About 5 million Americans are diagnosed with heart valve disease every year. There are several types of heart valve disease, for example, valvular stenosis, and valvular insufficiency. Valvular stenosis occurs when the valve leaflets become stiff narrowing the valve opening and thus reducing the volume of blood that can pass through it. Valvular insufficiency occurs when the valve leaflets do not properly close allowing blood to flow retrograde across the valve.

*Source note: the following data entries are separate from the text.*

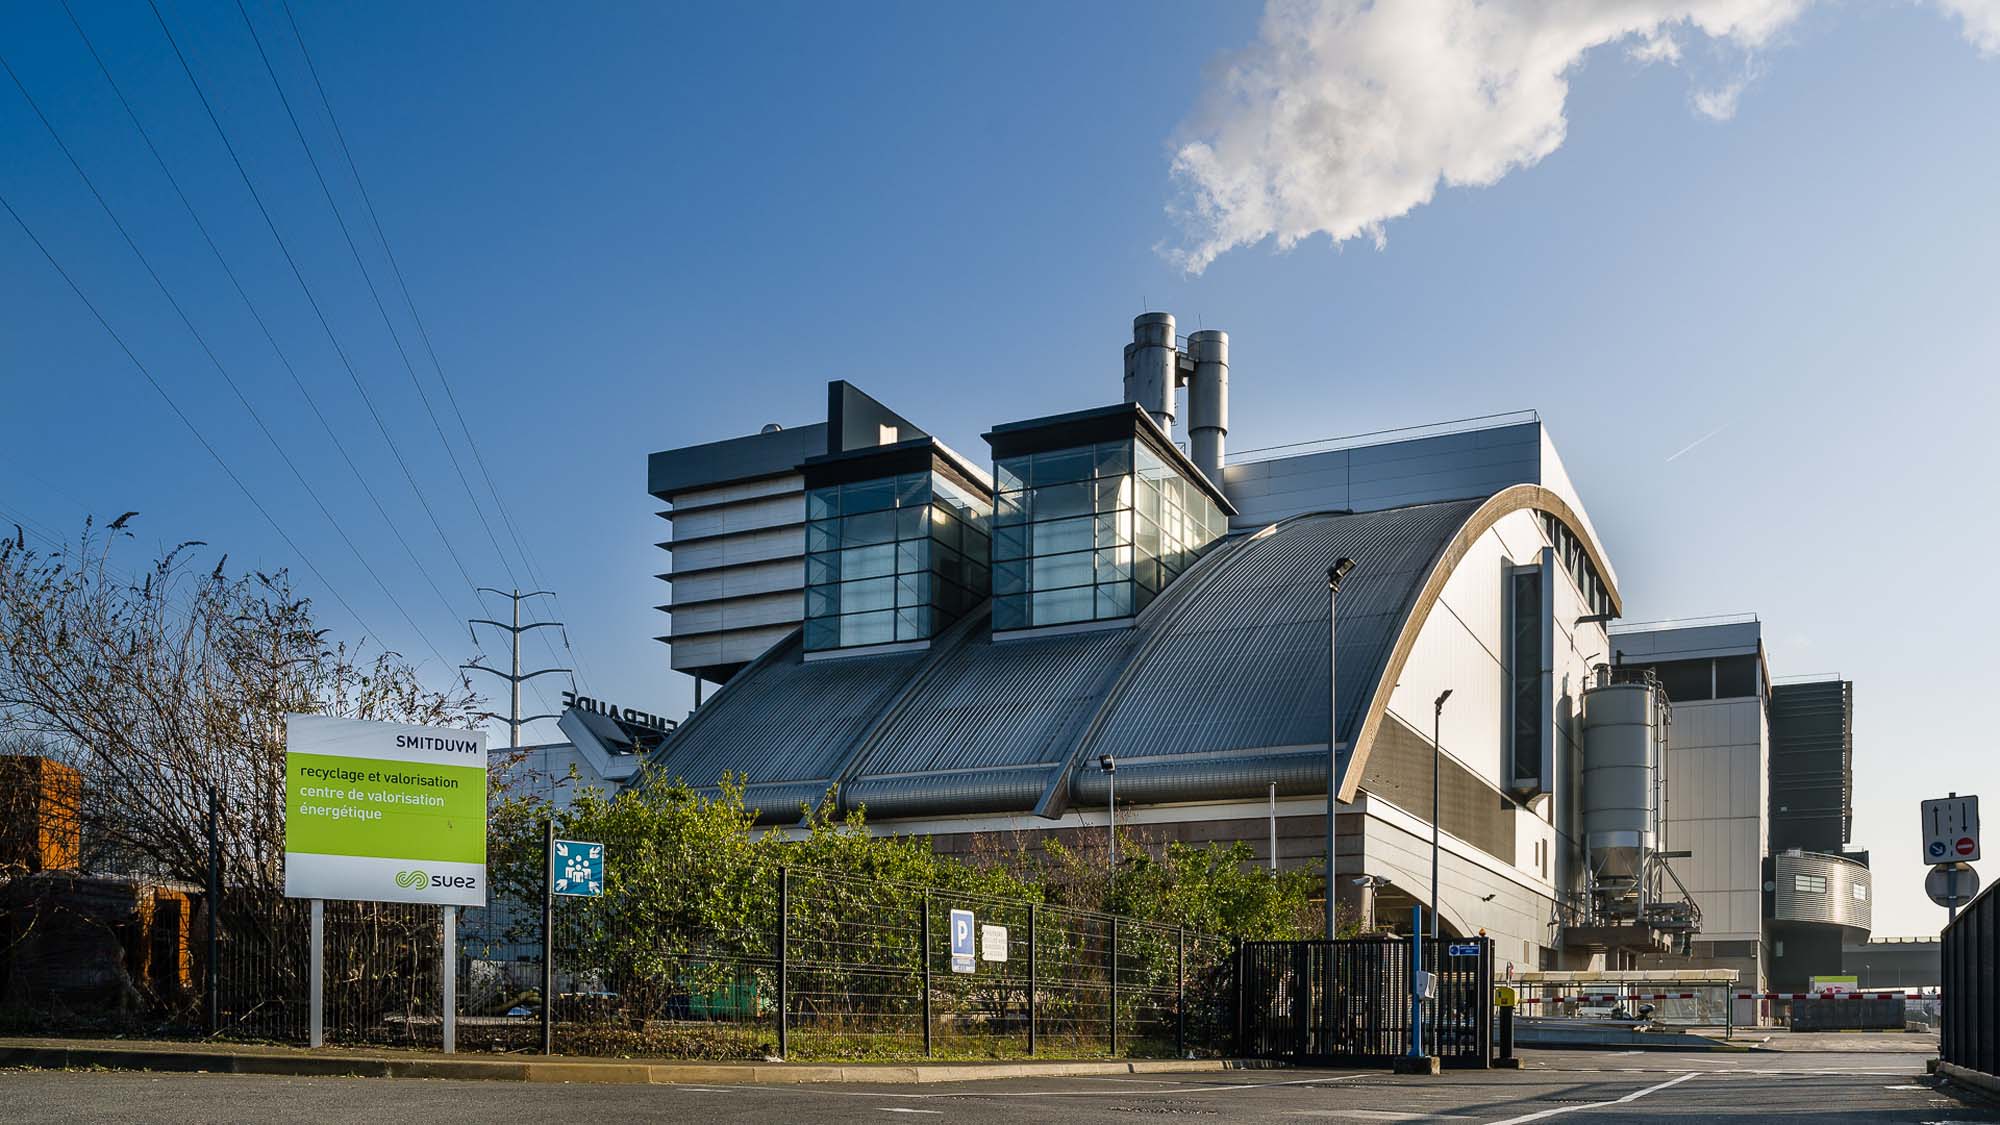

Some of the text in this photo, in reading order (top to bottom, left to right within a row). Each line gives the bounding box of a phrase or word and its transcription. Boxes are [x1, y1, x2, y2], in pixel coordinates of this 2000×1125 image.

[396, 735, 477, 754] SMITDUVM
[300, 767, 458, 788] recyclage et valorisation
[300, 786, 445, 807] centre de valorisation
[300, 802, 382, 821] énergétique
[431, 875, 476, 889] suez
[957, 920, 968, 947] P
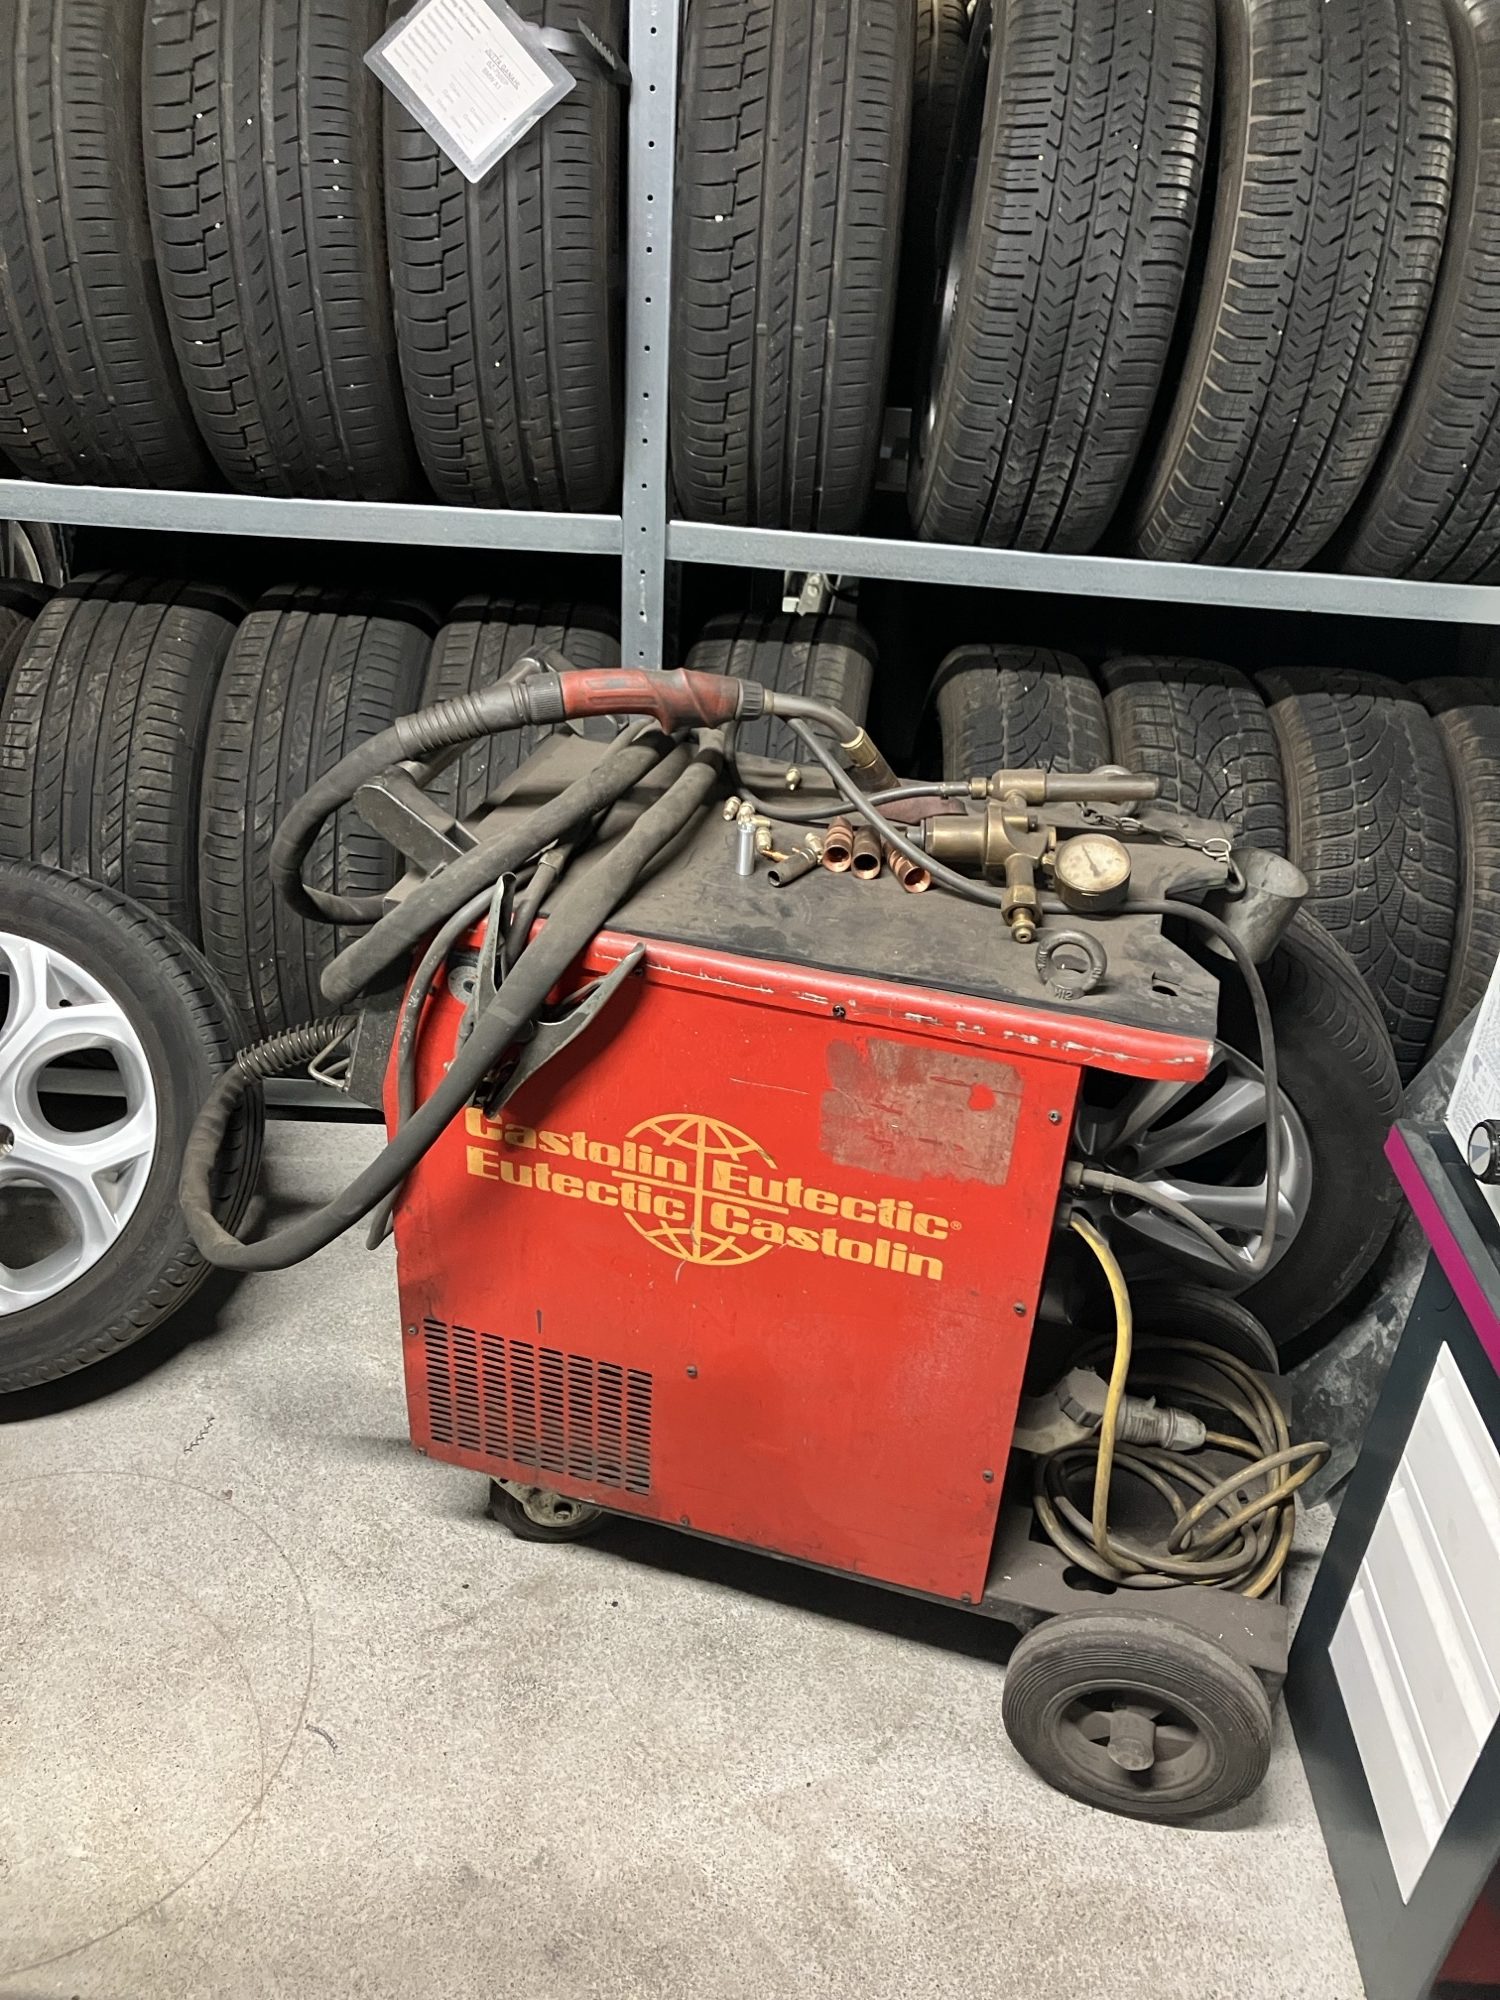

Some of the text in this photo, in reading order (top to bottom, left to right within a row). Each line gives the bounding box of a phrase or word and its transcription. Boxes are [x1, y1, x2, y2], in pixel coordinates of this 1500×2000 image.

It is well known to treat heart valve disease by replacing a diseased or damaged valve. The procedure, whether surgical or percutaneous, involves reshaping the annulus to receive a prosthetic heart valve (either bioprosthetic or mechanical). After implantation, perivalvular leaks can develop which allow backflow around the implanted valve between patient tissue and the implanted valve. These leaks can occur, for example, because the reshaped annulus does not conform to the shape of the implanted valve. Another cause may be an accumulation of calcium plaques on natural valve surfaces. When the annulus is expanded, in preparation for implantation, calcium deposits can fracture creating irregularities in the implantation site. Perivalvular leaks can result in diminished valve function, loss of blood pressure, increased stress on the heart, and hemolytic anemia. A need therefore exist for improved and/or alternate devices and systems for closure of perivalvular leaks.